Problem to solve ::
Every entry below must be repeated exactly; skip the pictures.

Image-backed grounding data
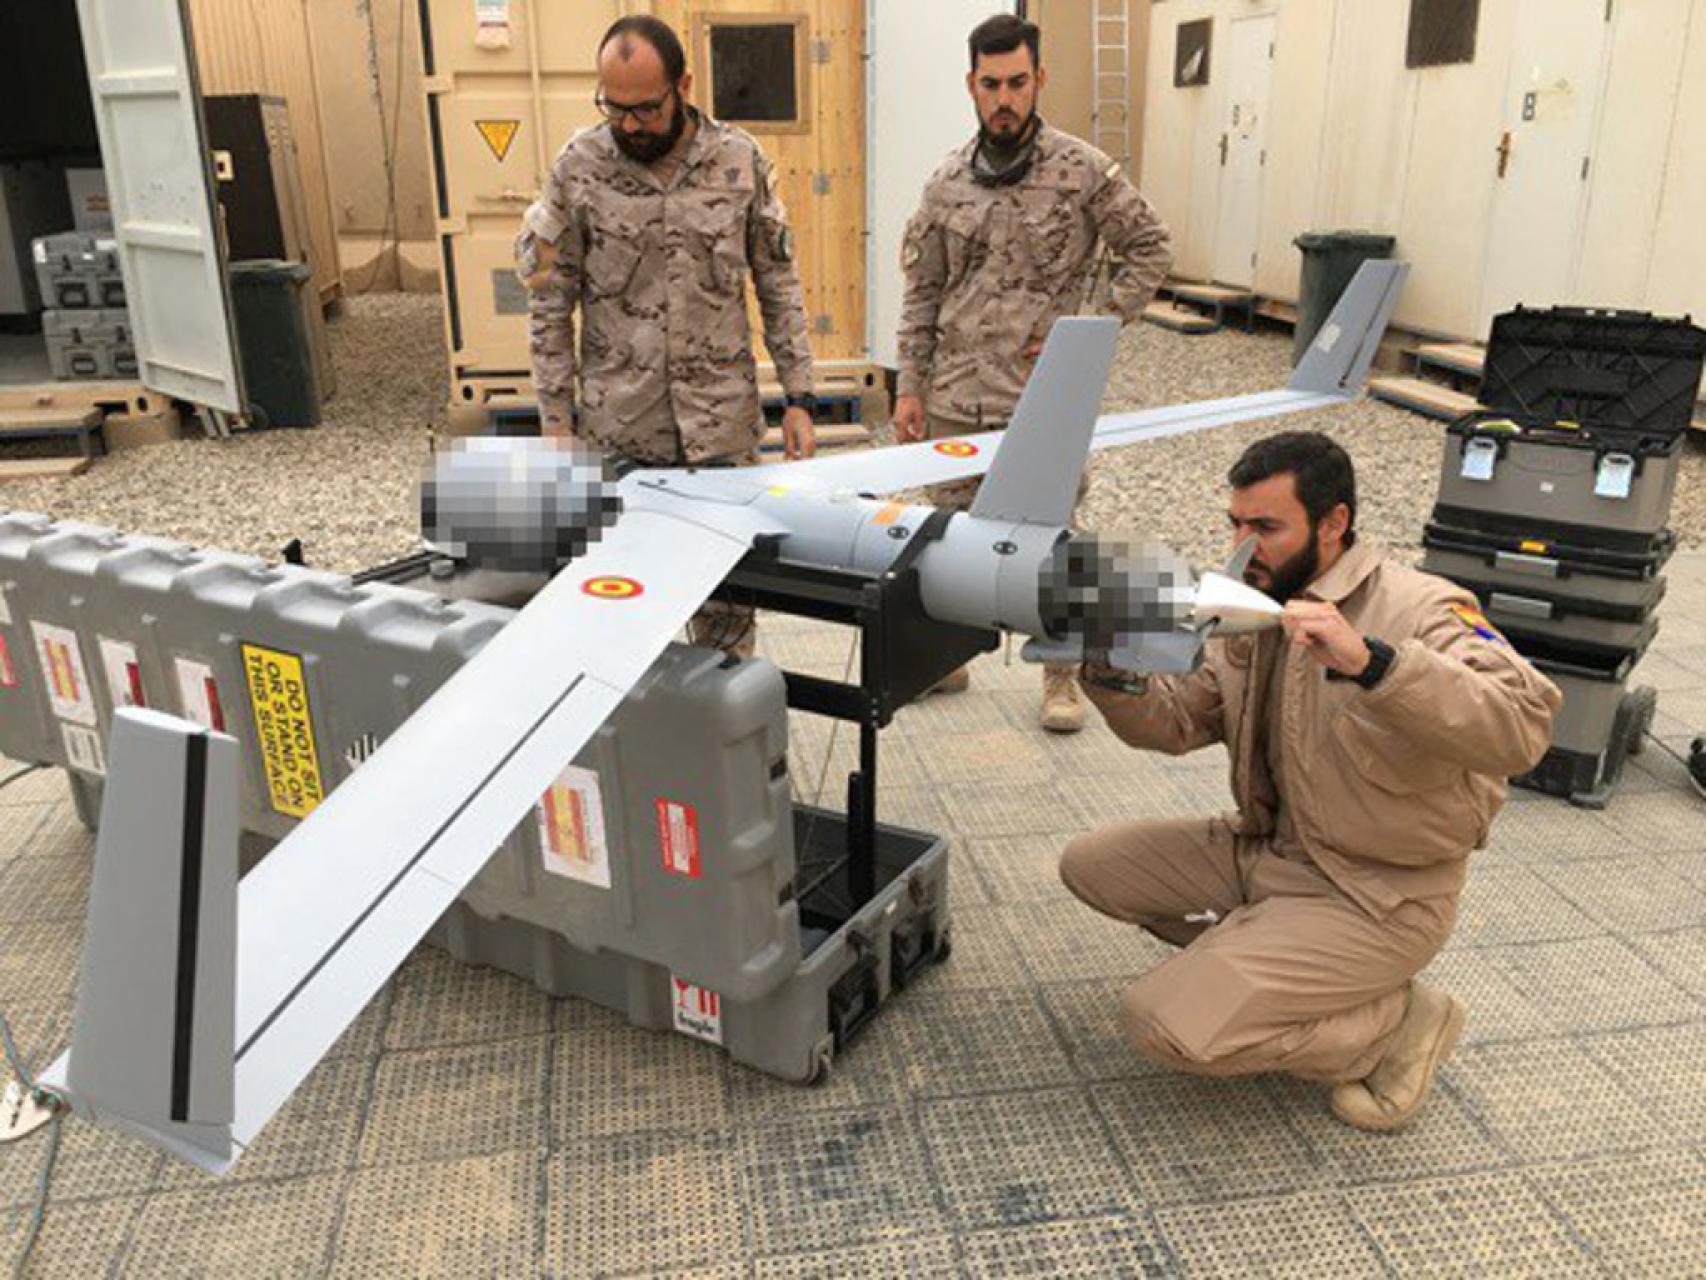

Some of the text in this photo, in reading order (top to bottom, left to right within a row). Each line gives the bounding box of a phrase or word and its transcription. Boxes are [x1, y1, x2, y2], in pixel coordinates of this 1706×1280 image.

[249, 655, 289, 806] THIS SURFACE
[267, 661, 304, 808] OR STAND ON
[285, 679, 321, 800] DO NOT SIT
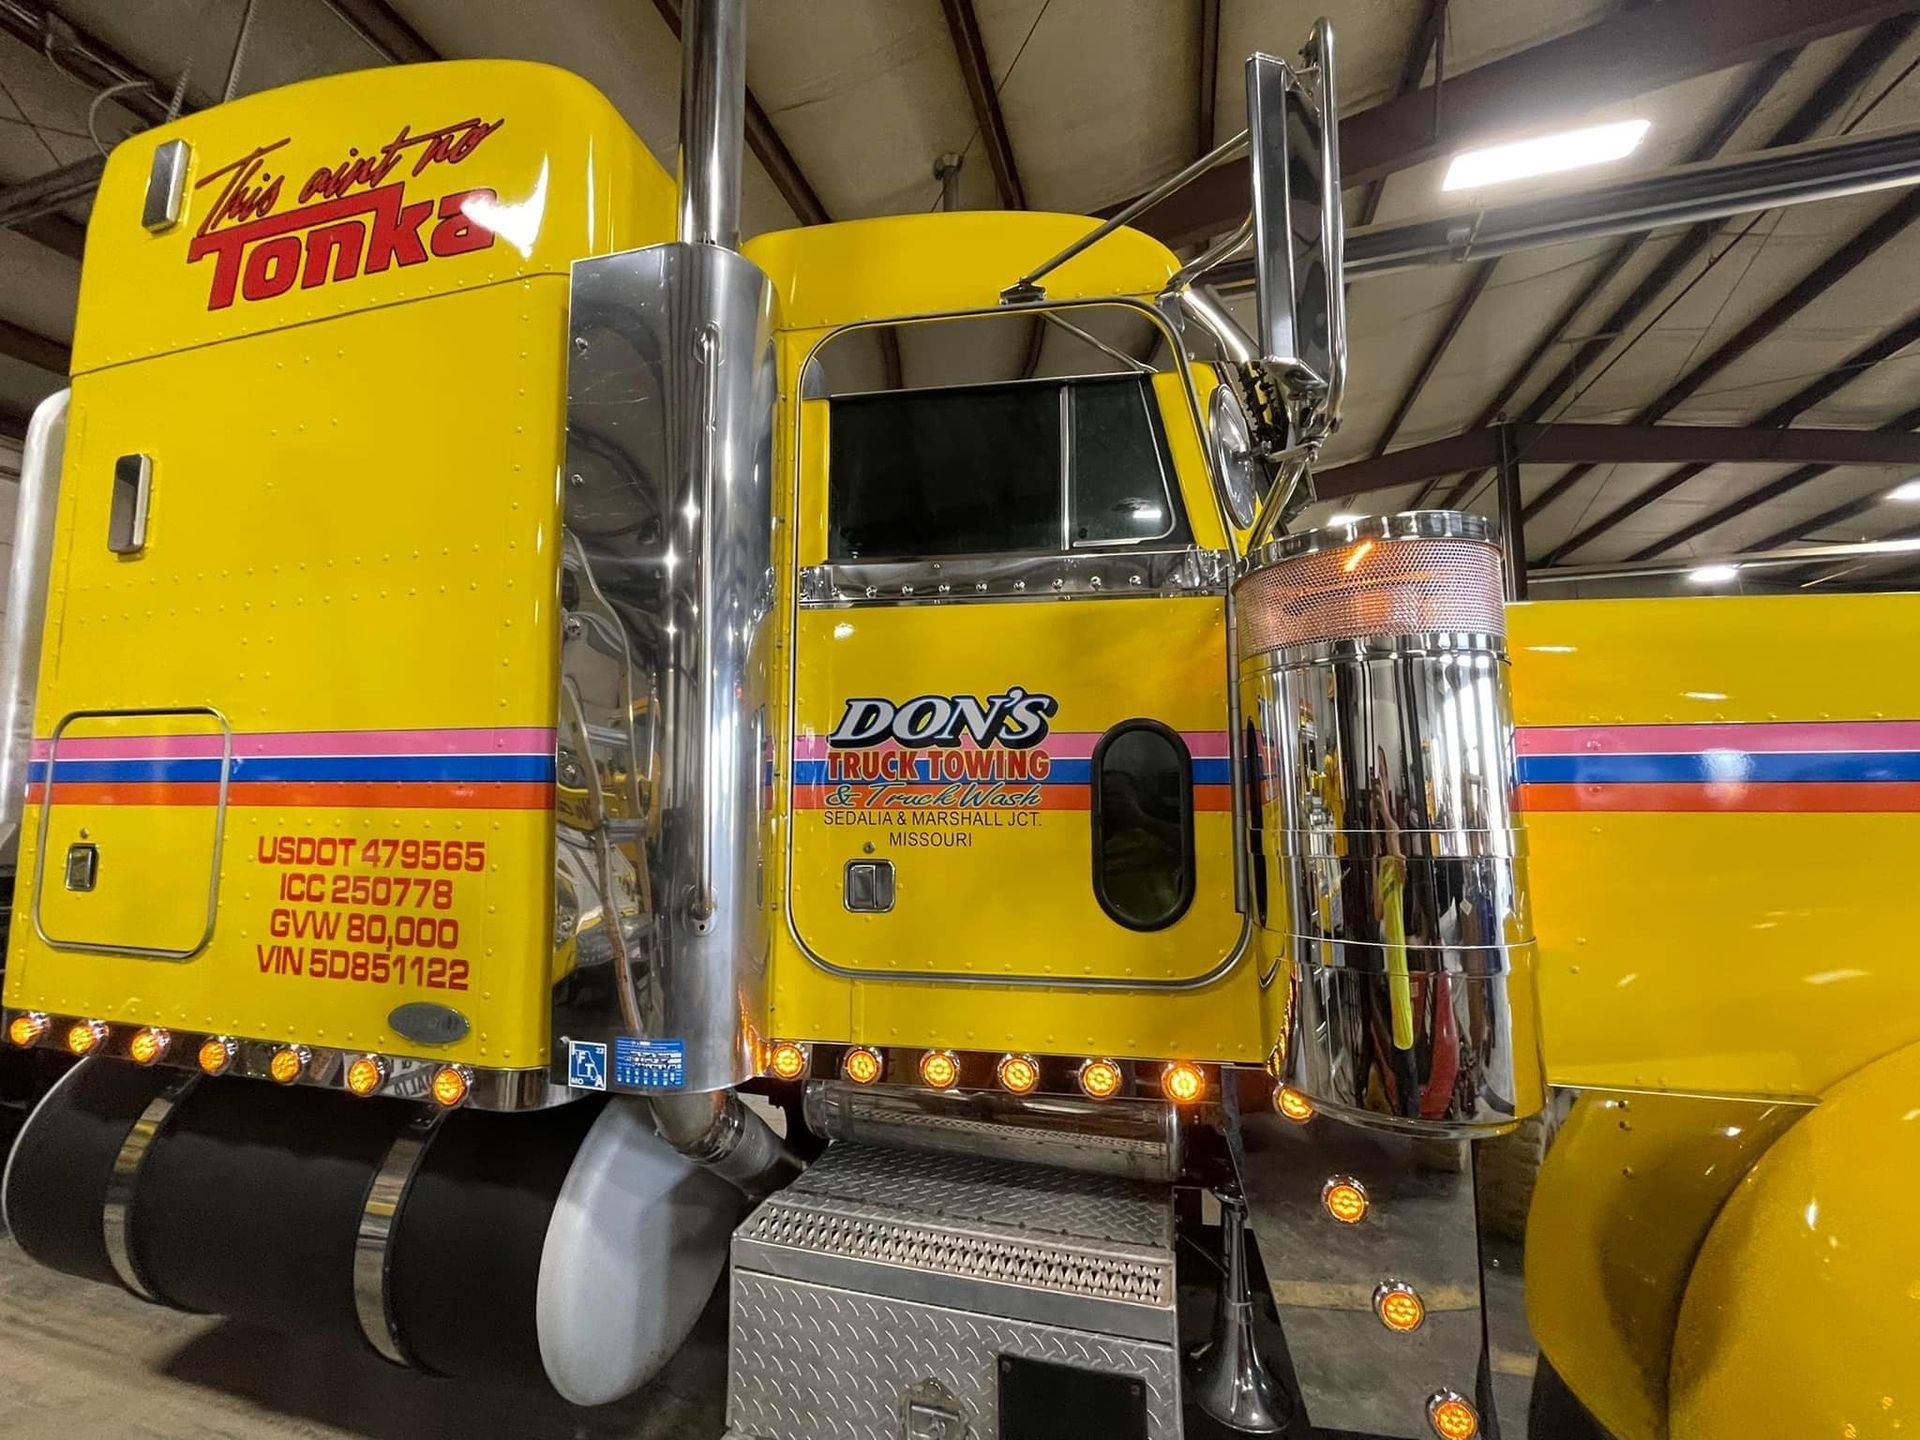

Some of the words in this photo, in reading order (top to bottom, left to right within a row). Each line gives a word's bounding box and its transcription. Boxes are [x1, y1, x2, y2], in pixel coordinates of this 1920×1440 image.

[194, 137, 291, 237] This
[298, 126, 406, 204] aint
[412, 118, 504, 177] no
[187, 181, 497, 311] Tonka
[826, 686, 1058, 749] DON'S
[827, 749, 919, 781] TRUCK
[927, 749, 1051, 781] TOWING
[825, 785, 860, 809] &
[864, 782, 959, 809] Truck
[959, 782, 1043, 809] Wash
[823, 810, 893, 826] SEDALIA
[896, 811, 908, 826] &
[912, 810, 1003, 827] MARSHALL
[1007, 811, 1042, 827] JCT.
[257, 836, 357, 867] USDOT
[361, 838, 486, 873] 479565
[889, 832, 972, 847] MISSOURI
[280, 872, 326, 903] ICC
[331, 874, 453, 910] 250778
[270, 908, 342, 940] GVW
[346, 912, 459, 952] 80,000
[256, 944, 304, 975] VIN
[308, 948, 469, 991] 5D851122
[571, 1077, 584, 1086] MO
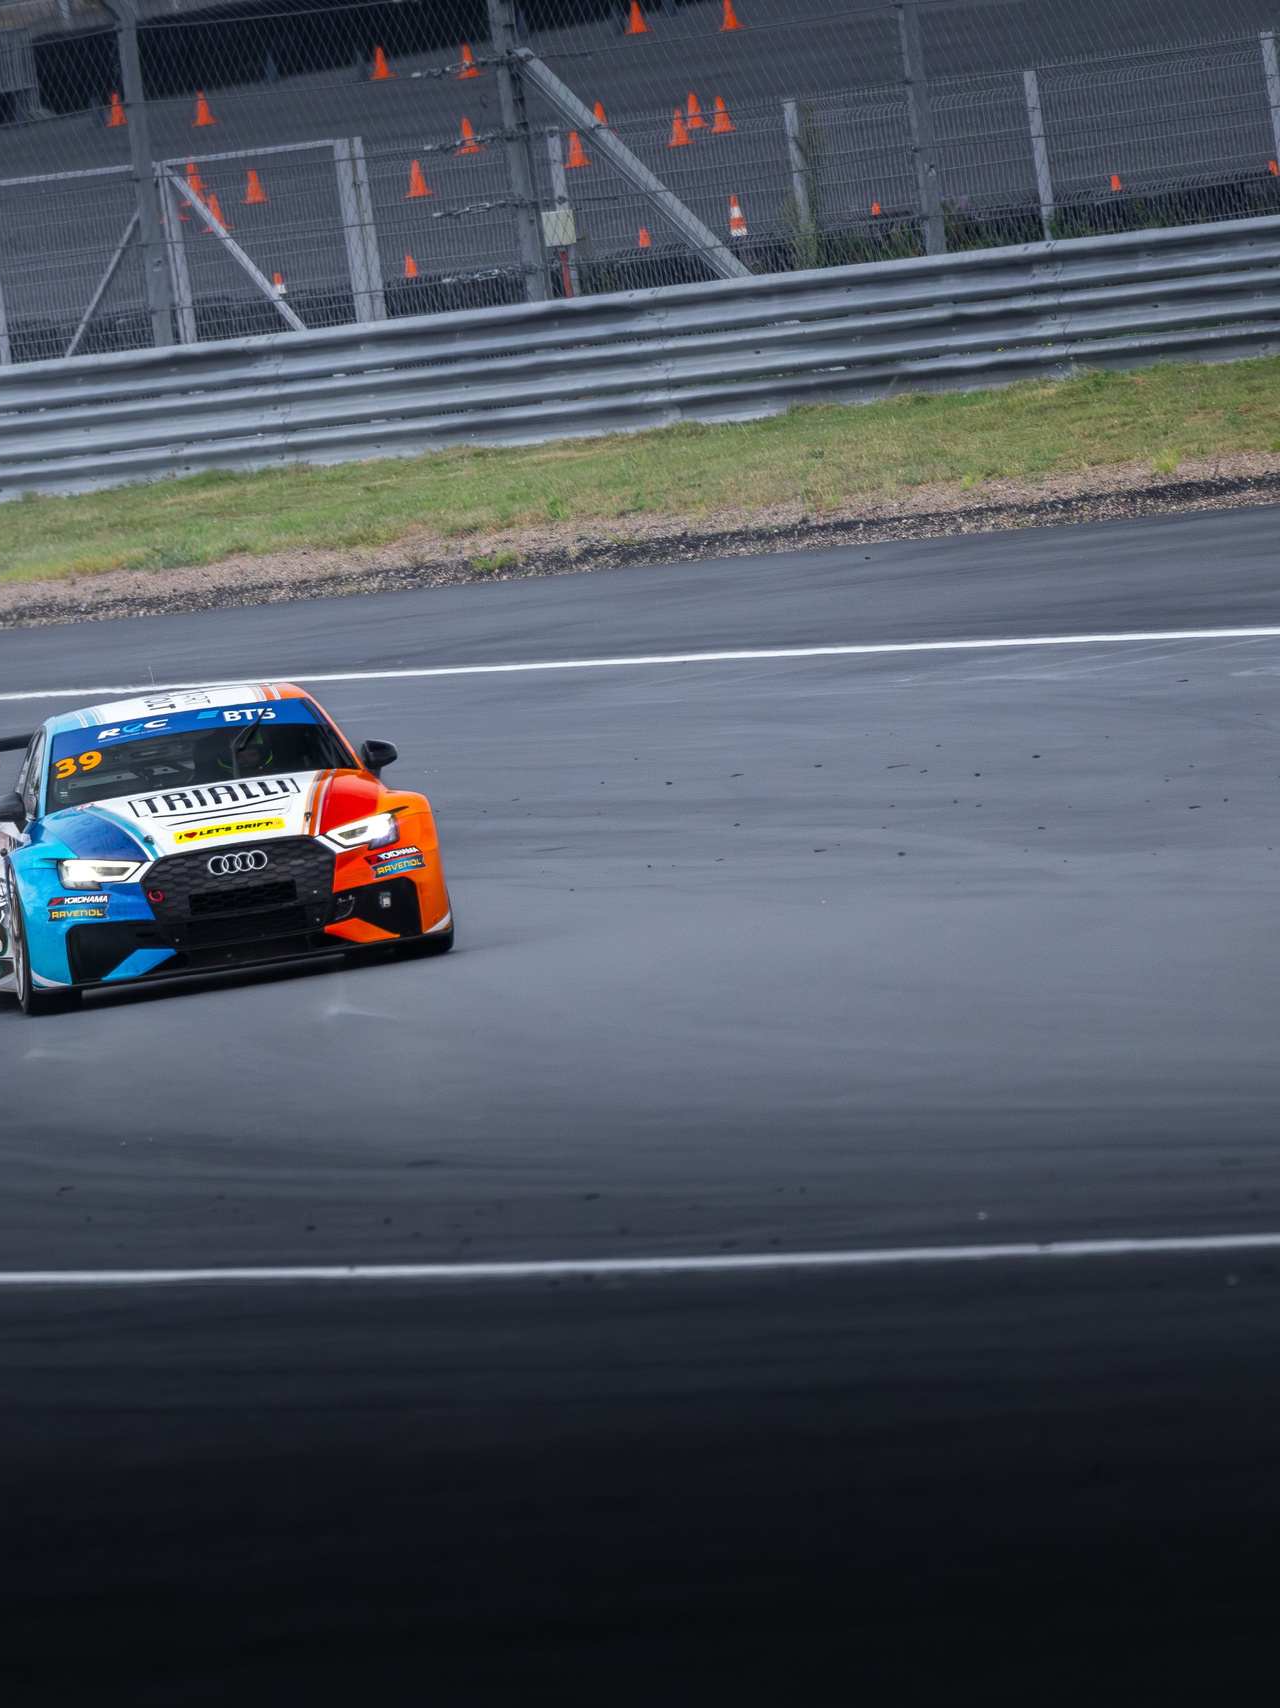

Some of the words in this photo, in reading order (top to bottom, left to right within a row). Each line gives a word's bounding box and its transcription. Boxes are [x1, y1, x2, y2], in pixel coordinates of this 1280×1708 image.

[55, 750, 102, 779] 39
[138, 780, 291, 814] TRIALLI
[199, 826, 232, 836] LET'S
[235, 821, 273, 830] DRIFT
[377, 846, 420, 860] YOKOHAMA
[376, 859, 422, 875] RAVENOL
[64, 895, 108, 904] YOKOHAMA
[51, 908, 104, 919] RAVENOL

Answer space ::
Some of the text in this photo, in reading order (top to bottom, left to right within a row). Each line gives the bounding box of a phrase or word and its transcription. Boxes are [x1, y1, x2, y2], in pixel coordinates of this 1706×1280 image.

[249, 655, 289, 806] THIS SURFACE
[267, 661, 304, 808] OR STAND ON
[285, 679, 321, 800] DO NOT SIT

Some of the words in this photo, in reading order (top to bottom, left to right within a row). Each line gives a word's bounding box and its transcription. Boxes are [x1, y1, x2, y2], in pixel coordinates of this 1920×1440 image.

[194, 137, 291, 237] This
[298, 126, 406, 204] aint
[412, 118, 504, 177] no
[187, 181, 497, 311] Tonka
[826, 686, 1058, 749] DON'S
[827, 749, 919, 781] TRUCK
[927, 749, 1051, 781] TOWING
[825, 785, 860, 809] &
[864, 782, 959, 809] Truck
[959, 782, 1043, 809] Wash
[823, 810, 893, 826] SEDALIA
[896, 811, 908, 826] &
[912, 810, 1003, 827] MARSHALL
[1007, 811, 1042, 827] JCT.
[257, 836, 357, 867] USDOT
[361, 838, 486, 873] 479565
[889, 832, 972, 847] MISSOURI
[280, 872, 326, 903] ICC
[331, 874, 453, 910] 250778
[270, 908, 342, 940] GVW
[346, 912, 459, 952] 80,000
[256, 944, 304, 975] VIN
[308, 948, 469, 991] 5D851122
[571, 1077, 584, 1086] MO

Some of the words in this photo, in reading order (top to bottom, left to right within a row). Each line gives a word's bounding box and its transcription. Boxes are [x1, y1, x2, y2], in pixel coordinates of this 1280×1708 image.

[55, 750, 102, 779] 39
[138, 780, 291, 814] TRIALLI
[199, 826, 232, 836] LET'S
[235, 821, 273, 830] DRIFT
[377, 846, 420, 860] YOKOHAMA
[376, 859, 422, 875] RAVENOL
[64, 895, 108, 904] YOKOHAMA
[51, 908, 104, 919] RAVENOL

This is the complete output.